By Karen Stokes
Eric Von, a popular journalist, magazine publisher and morning talk radio host at WNOV 860 passed away Thursday evening. He was 58.
Weekday morning listeners looked forward to “The Eric Von Show,” to hear the more than 25- year broadcasting veteran discuss vital issues concerning the community with sound reasoning and frankness.
“Eric Von was a huge part of the WNOV 860 family,” said Courier Communications owner Jerrel Jones. “He was a true journalist with the unique sense of ‘detached objectivity.’
He possessed the ability to place distance between himself and the subject matter, which is extremely rare in today’s world of journalism. He was the ‘Dean of Journalism,’ known nationwide as possessing a cool, calm and collected swag about himself. His contributions are like fingerprints, there will never be another. He will truly be missed here at WNOV 860.”

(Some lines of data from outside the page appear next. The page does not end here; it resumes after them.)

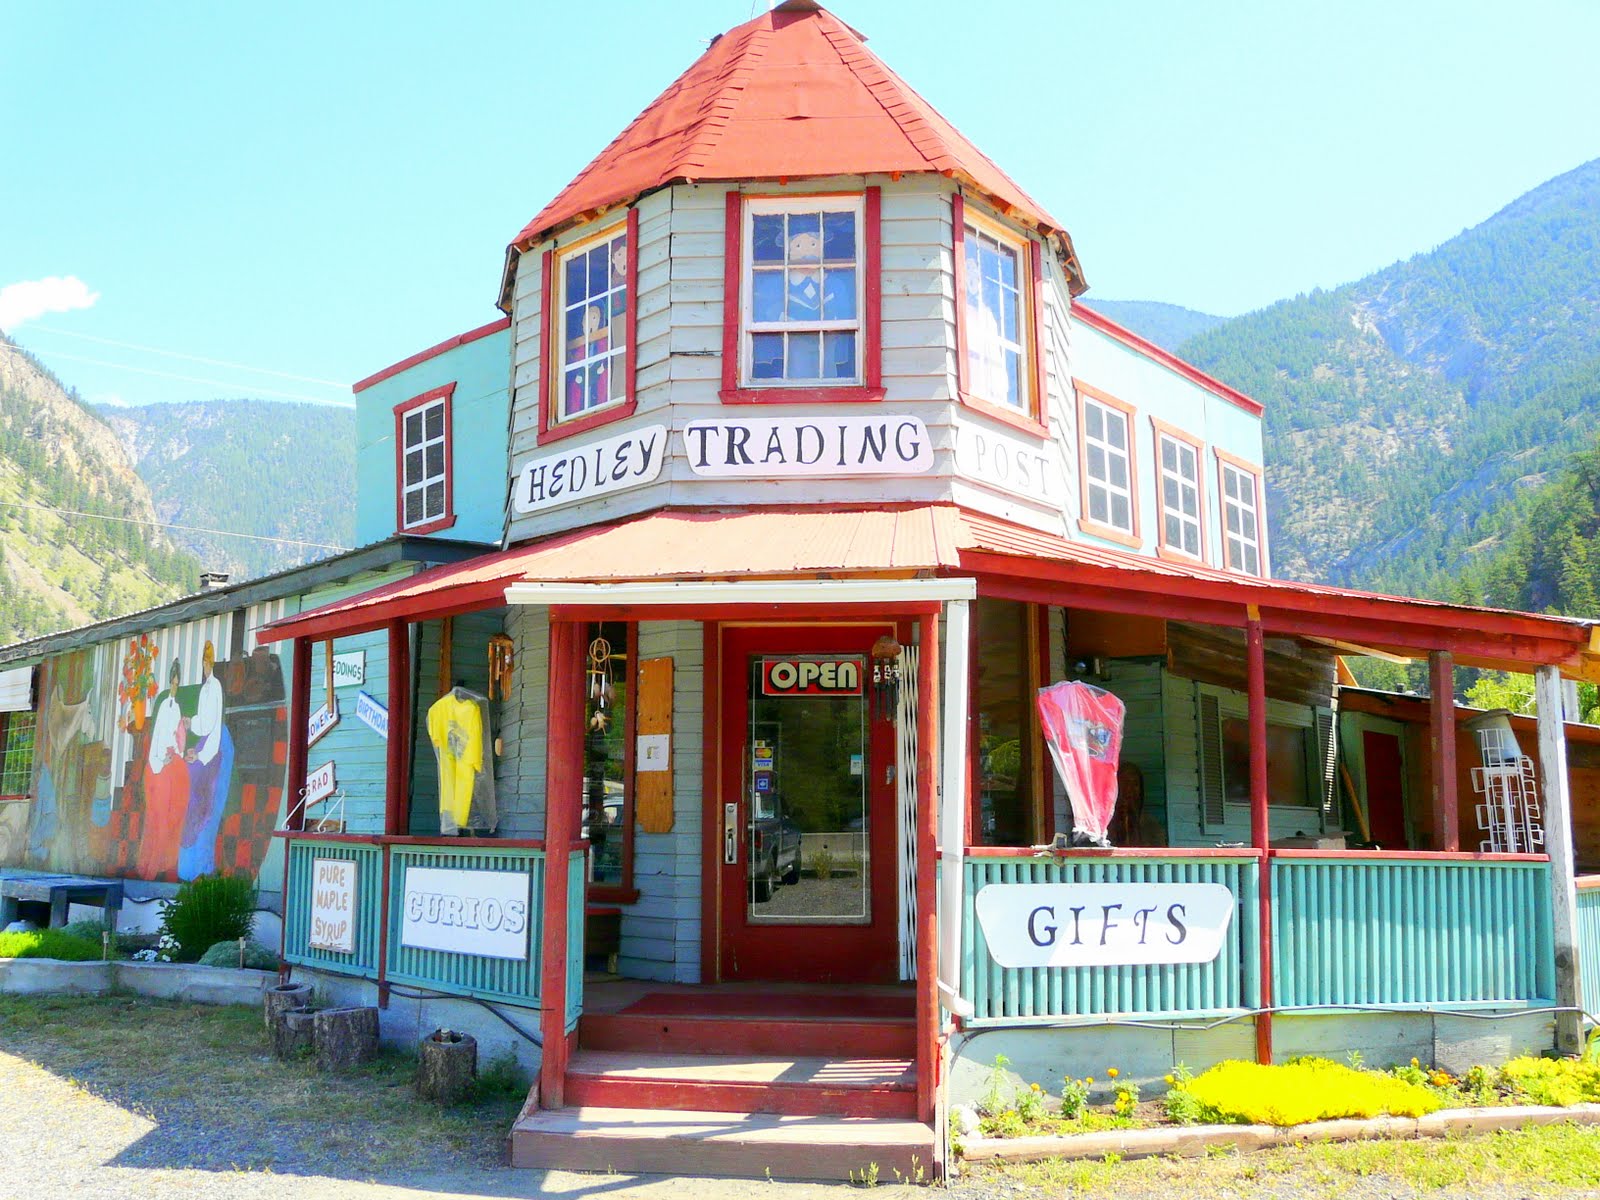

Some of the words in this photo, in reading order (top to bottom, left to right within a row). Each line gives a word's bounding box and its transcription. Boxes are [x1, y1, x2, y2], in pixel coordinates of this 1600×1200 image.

[687, 421, 920, 467] TRADING
[528, 432, 656, 503] HEDLEY
[975, 434, 1050, 496] POST
[332, 660, 362, 680] EDDINGS
[770, 661, 858, 689] OPEN
[359, 699, 388, 733] BIRTHDA
[319, 865, 346, 888] PURE
[316, 890, 348, 911] MAPLE
[404, 891, 525, 934] CURIOS
[315, 917, 347, 942] SYRUP
[1028, 904, 1187, 946] GIFTS

On Thursday evening, Von was found by his wife Faithe Colas. He passed away sitting on his back porch with his dog, Max, at his feet.

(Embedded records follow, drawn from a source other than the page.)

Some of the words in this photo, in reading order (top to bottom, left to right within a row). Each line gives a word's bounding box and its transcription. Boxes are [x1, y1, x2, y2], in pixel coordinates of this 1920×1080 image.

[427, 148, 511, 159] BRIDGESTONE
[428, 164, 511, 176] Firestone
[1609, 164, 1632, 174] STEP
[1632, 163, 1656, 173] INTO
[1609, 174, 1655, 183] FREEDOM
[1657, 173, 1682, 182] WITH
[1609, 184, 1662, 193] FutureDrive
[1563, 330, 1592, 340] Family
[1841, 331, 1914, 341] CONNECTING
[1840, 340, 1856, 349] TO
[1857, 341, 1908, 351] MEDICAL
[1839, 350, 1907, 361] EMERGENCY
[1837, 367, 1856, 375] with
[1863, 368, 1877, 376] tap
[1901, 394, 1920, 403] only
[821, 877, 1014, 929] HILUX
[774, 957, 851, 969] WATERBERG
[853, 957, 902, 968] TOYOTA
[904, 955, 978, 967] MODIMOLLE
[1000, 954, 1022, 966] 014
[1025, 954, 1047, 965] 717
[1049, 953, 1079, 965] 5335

Born and raised in Washington D.C., Von, whose birth name is Eric Von Boardley started his career as a disc jockey and later as a news reporter. He then served as the Business manager for Radio One in Washington, D.C. In 1991 he came to Milwaukee and joined WMCS-AM (formerly WMVP) to host the morning show. It didn’t take long for Von to be entrenched in the Milwaukee community becoming an integral voice in the African American community.
He was a panelist for Milwaukee Public Television program “Interchange” and he also co-hosted “Black Nouveau” which also airs on the network. From 1998 through 2000, Von was a special assignment reporter and co-host of “It’s your Vote,” a political affairs show on WISN Channel 12.
In 2001, he moved to Arizona but soon returned to Milwaukee. He continued his work on the radio, in the community along with his wife. He also started an online men’s health magazine, “Brain, Brawn & Body.”
“Brain, Brawn & Body” began as an idea Von had after reading an “Essence Magazine” article on “10 Things Women Should Ask Doctors”.
“Eric thought there should be a resource like this for men. Men need not just to go to the doctor, but talk to one another about health. Encourage one another,” Colas said. “He woke up the next day and came up with ‘Brain, Brawn & Body.’”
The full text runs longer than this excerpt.